ACTIVITY
The response should consist of every line below, restated exactly, with no pictures.

*** Begin section ***

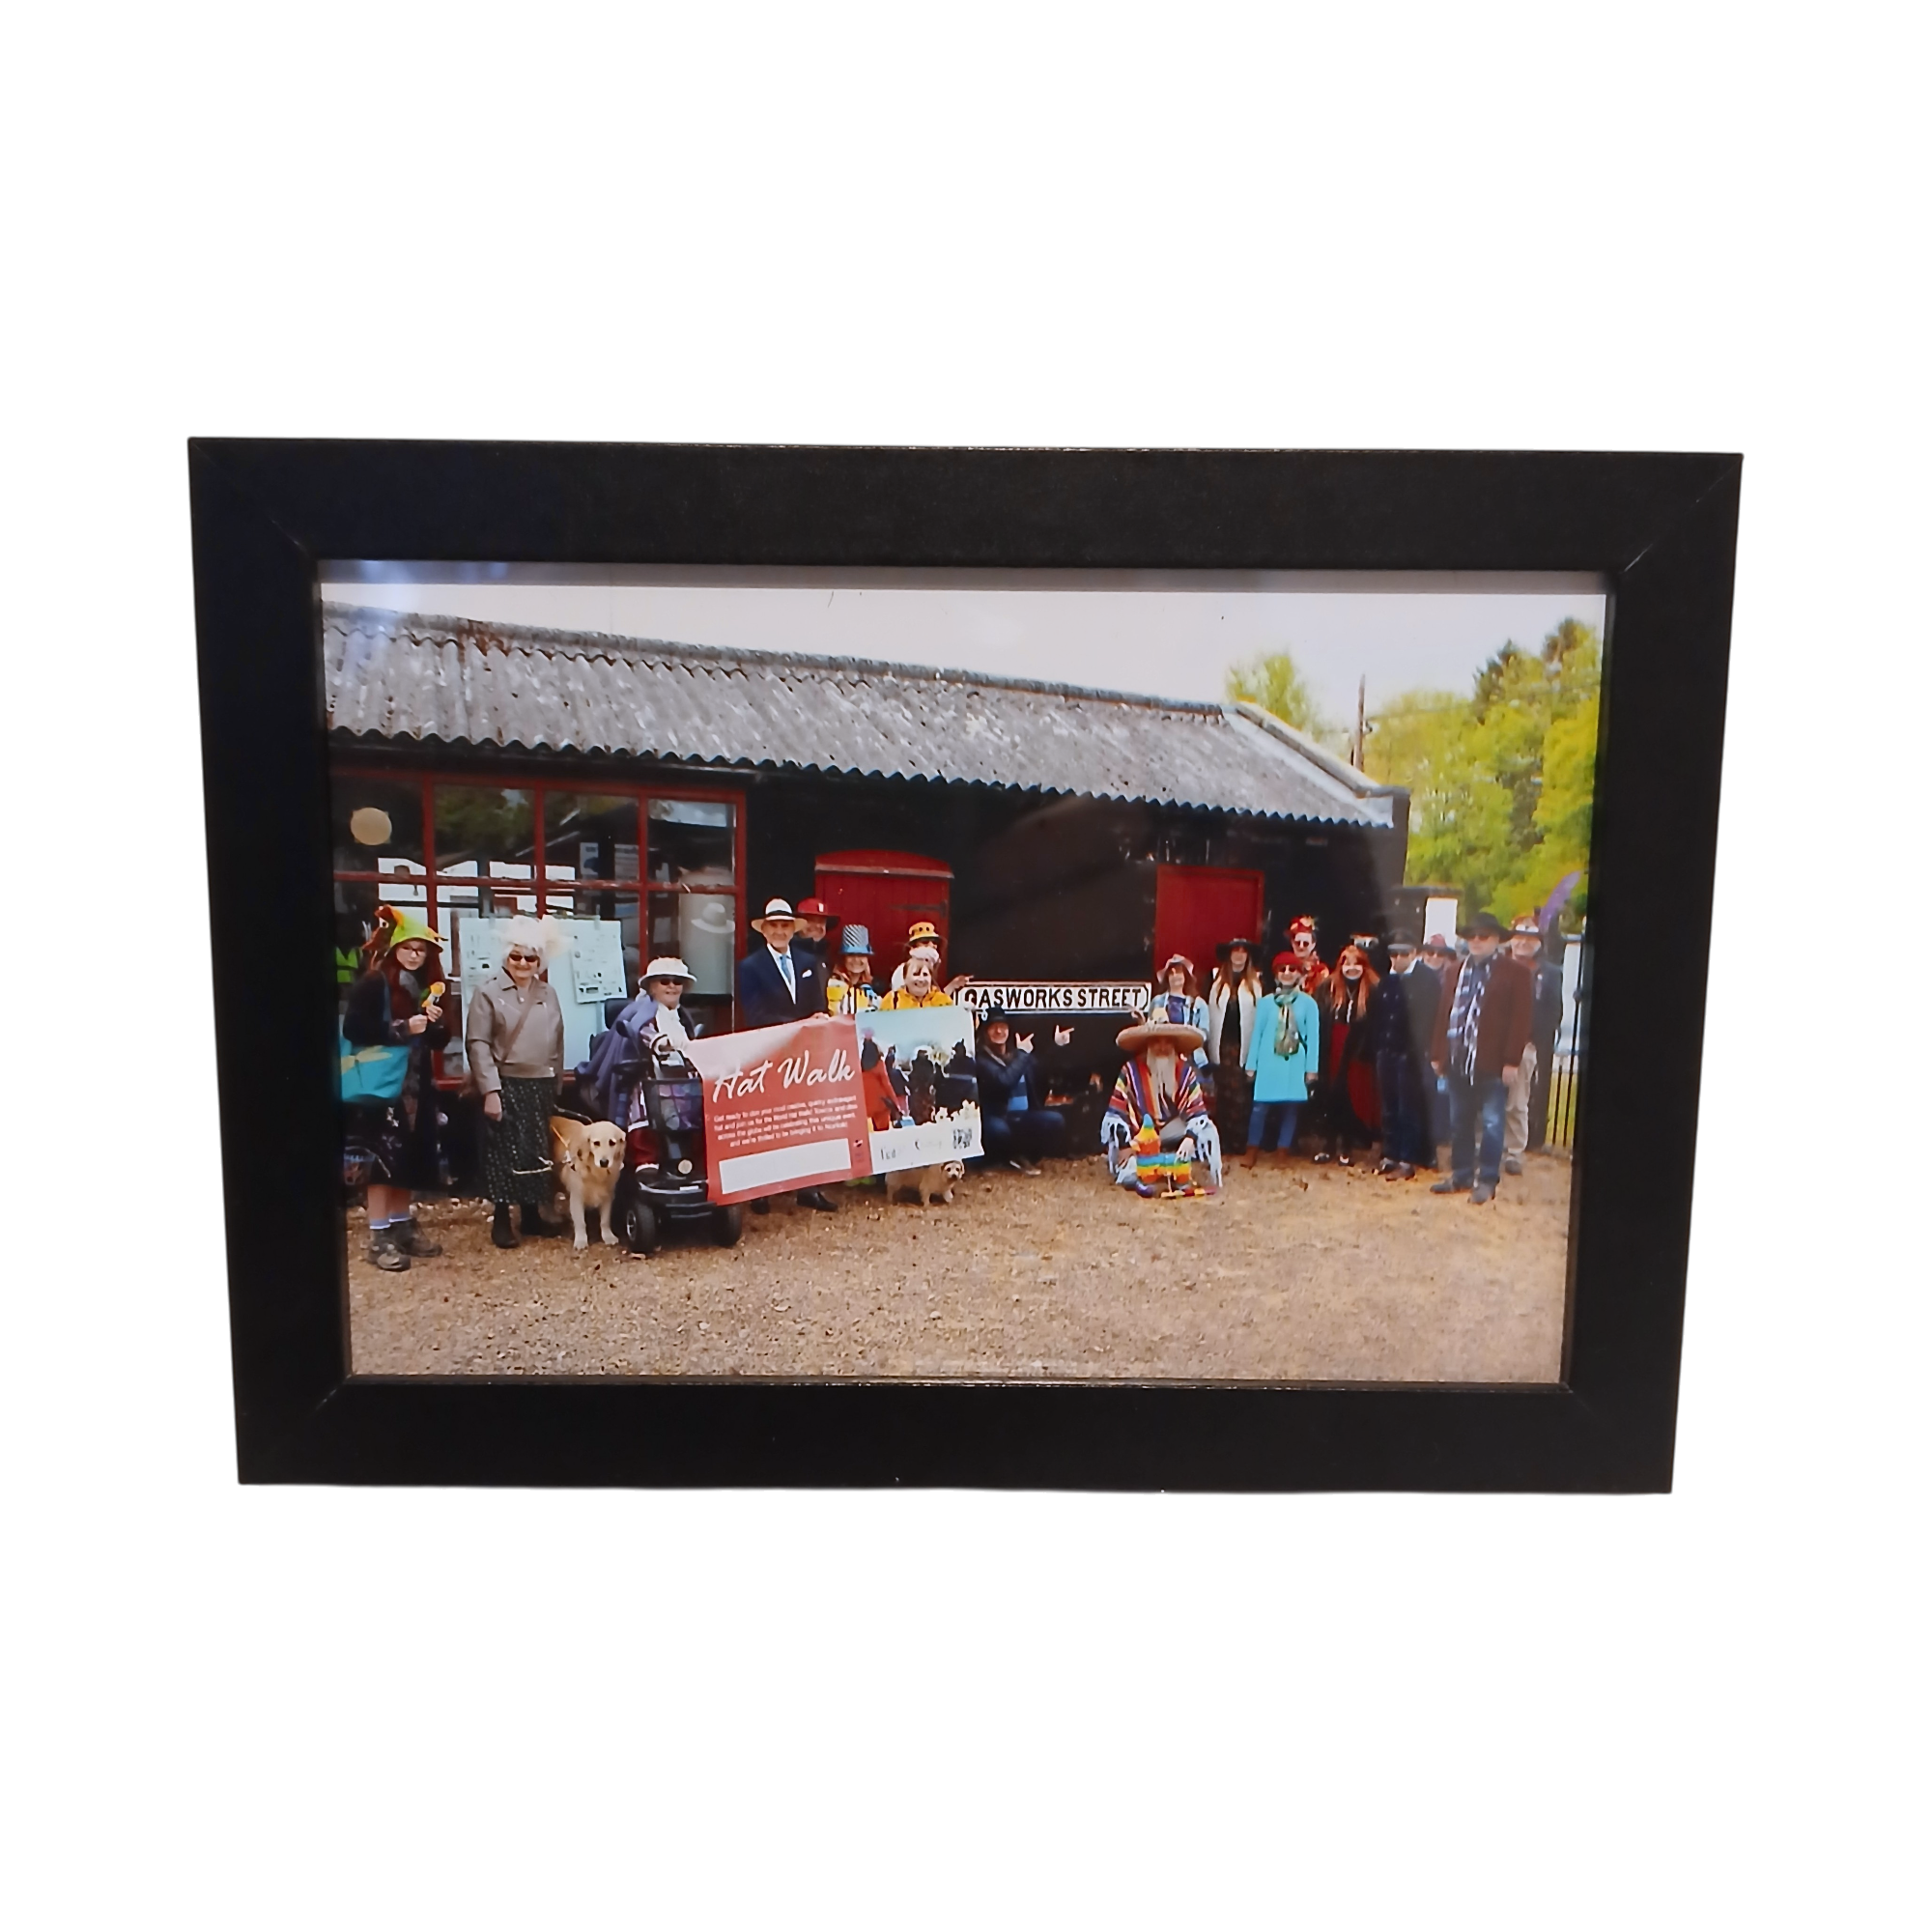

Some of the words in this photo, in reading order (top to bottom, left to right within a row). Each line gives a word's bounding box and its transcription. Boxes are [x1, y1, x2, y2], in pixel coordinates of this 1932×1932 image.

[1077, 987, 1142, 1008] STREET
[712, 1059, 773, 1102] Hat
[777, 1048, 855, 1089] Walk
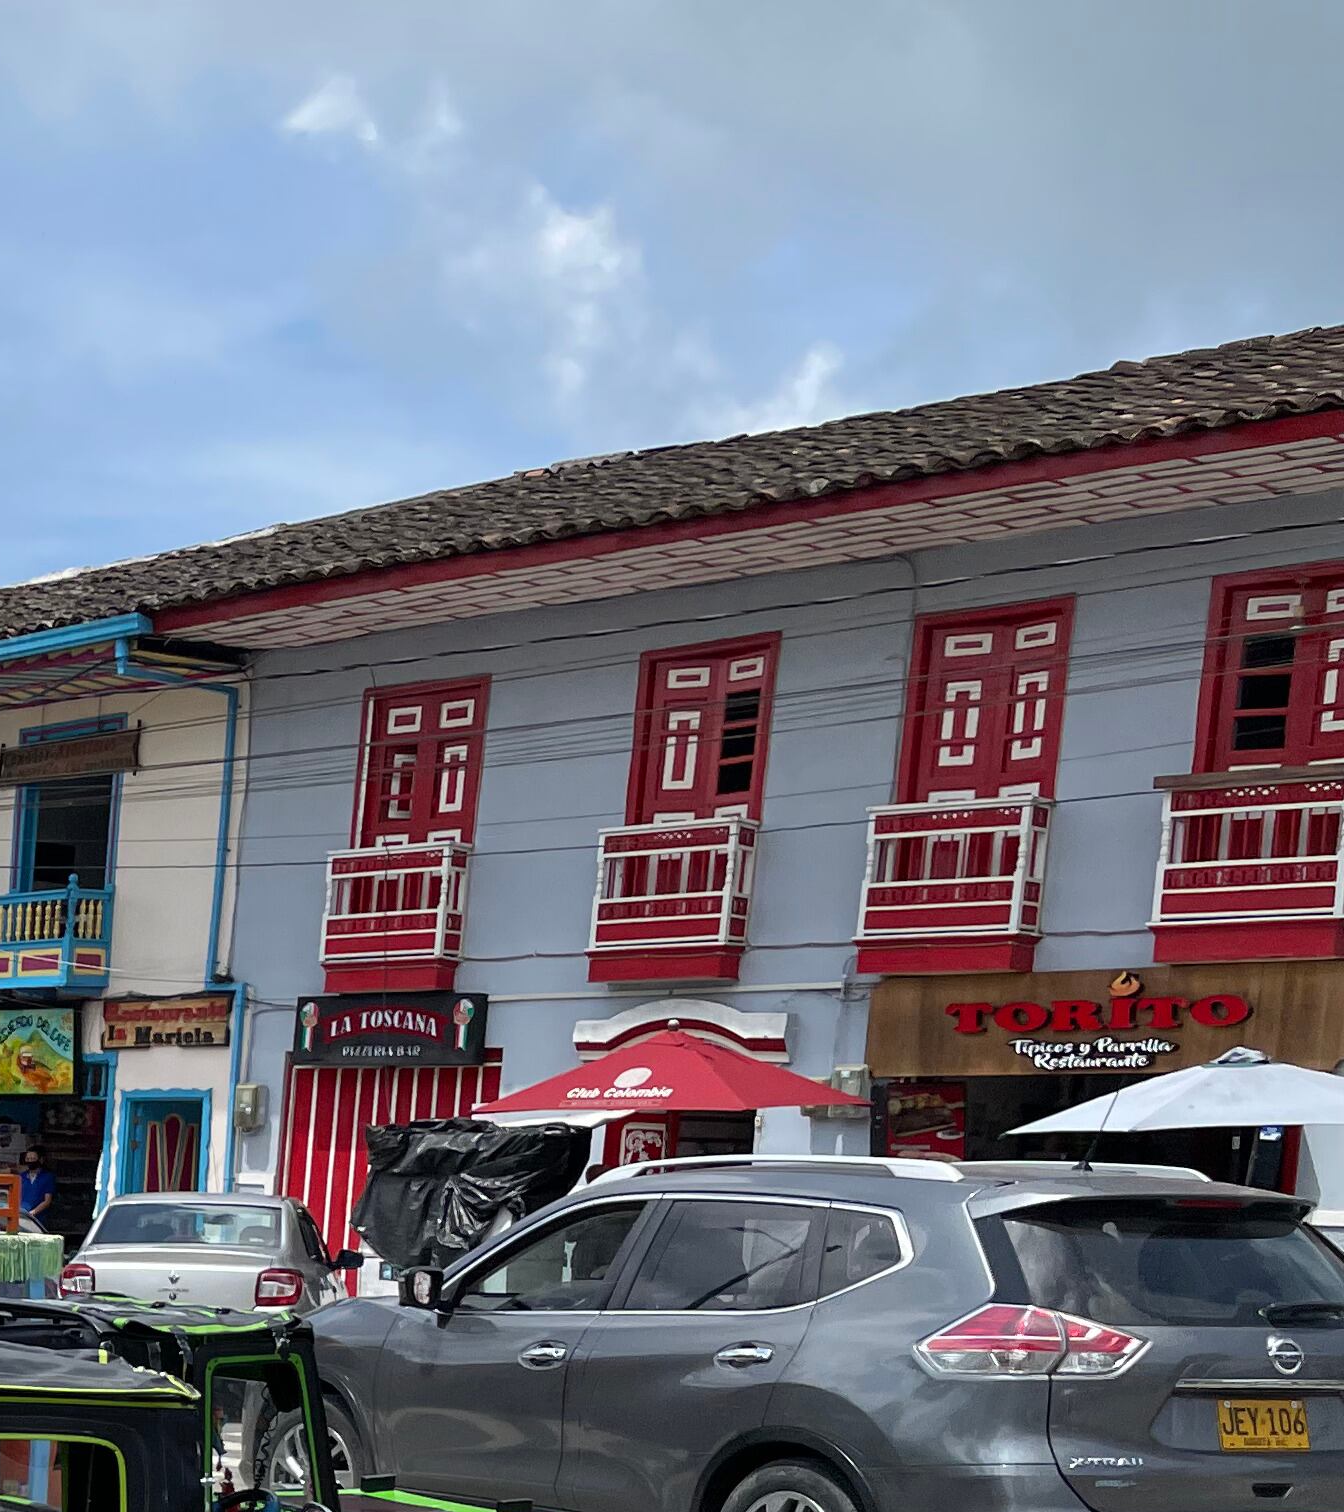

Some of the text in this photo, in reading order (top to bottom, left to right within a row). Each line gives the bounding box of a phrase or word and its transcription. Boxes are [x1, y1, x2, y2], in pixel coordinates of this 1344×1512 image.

*** End section ***

EXERCISE ANSWER
Some of the words in this photo, in reading order (top to bottom, left to right within a row). Each line gives a word's bounding box and its transcription. Boxes are [x1, y1, x2, y2], in pixel coordinates of this 1932×1932 image.

[1077, 987, 1142, 1008] STREET
[712, 1059, 773, 1102] Hat
[777, 1048, 855, 1089] Walk

Some of the text in this photo, in reading order (top to bottom, left to right within a row). Each line gives the bounding box of a phrase or word and its transcription. Boxes are [x1, y1, x2, y2], in pixel coordinates of this 1344×1512 image.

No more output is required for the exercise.